▶ [Exercise description]
Write out all the data again, exactly.

▶ [Extracted records]
▬▬▬▬▬▬▬▬▬▬
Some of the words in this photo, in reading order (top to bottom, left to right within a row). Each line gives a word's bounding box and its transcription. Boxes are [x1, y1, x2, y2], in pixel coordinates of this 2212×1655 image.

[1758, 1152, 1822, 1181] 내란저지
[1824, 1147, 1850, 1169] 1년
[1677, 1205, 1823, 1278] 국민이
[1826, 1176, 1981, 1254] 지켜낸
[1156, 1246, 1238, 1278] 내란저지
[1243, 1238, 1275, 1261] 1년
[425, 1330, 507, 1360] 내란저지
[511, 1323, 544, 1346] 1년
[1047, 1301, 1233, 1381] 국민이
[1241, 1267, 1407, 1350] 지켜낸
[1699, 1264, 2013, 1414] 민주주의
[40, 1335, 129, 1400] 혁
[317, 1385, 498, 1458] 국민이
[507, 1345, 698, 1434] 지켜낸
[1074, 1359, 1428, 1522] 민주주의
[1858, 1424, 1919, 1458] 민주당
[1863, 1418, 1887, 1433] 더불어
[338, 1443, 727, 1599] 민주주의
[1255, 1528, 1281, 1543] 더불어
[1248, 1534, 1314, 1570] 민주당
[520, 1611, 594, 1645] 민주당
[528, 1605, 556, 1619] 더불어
▬▬▬▬▬▬▬▬▬▬
▶ [Task solution]
Some of the words in this photo, in reading order (top to bottom, left to right within a row). Each line gives a word's bounding box and its transcription. Boxes are [x1, y1, x2, y2], in pixel coordinates of this 2212×1655 image.

[1758, 1152, 1822, 1181] 내란저지
[1824, 1147, 1850, 1169] 1년
[1677, 1205, 1823, 1278] 국민이
[1826, 1176, 1981, 1254] 지켜낸
[1156, 1246, 1238, 1278] 내란저지
[1243, 1238, 1275, 1261] 1년
[425, 1330, 507, 1360] 내란저지
[511, 1323, 544, 1346] 1년
[1047, 1301, 1233, 1381] 국민이
[1241, 1267, 1407, 1350] 지켜낸
[1699, 1264, 2013, 1414] 민주주의
[40, 1335, 129, 1400] 혁
[317, 1385, 498, 1458] 국민이
[507, 1345, 698, 1434] 지켜낸
[1074, 1359, 1428, 1522] 민주주의
[1858, 1424, 1919, 1458] 민주당
[1863, 1418, 1887, 1433] 더불어
[338, 1443, 727, 1599] 민주주의
[1255, 1528, 1281, 1543] 더불어
[1248, 1534, 1314, 1570] 민주당
[520, 1611, 594, 1645] 민주당
[528, 1605, 556, 1619] 더불어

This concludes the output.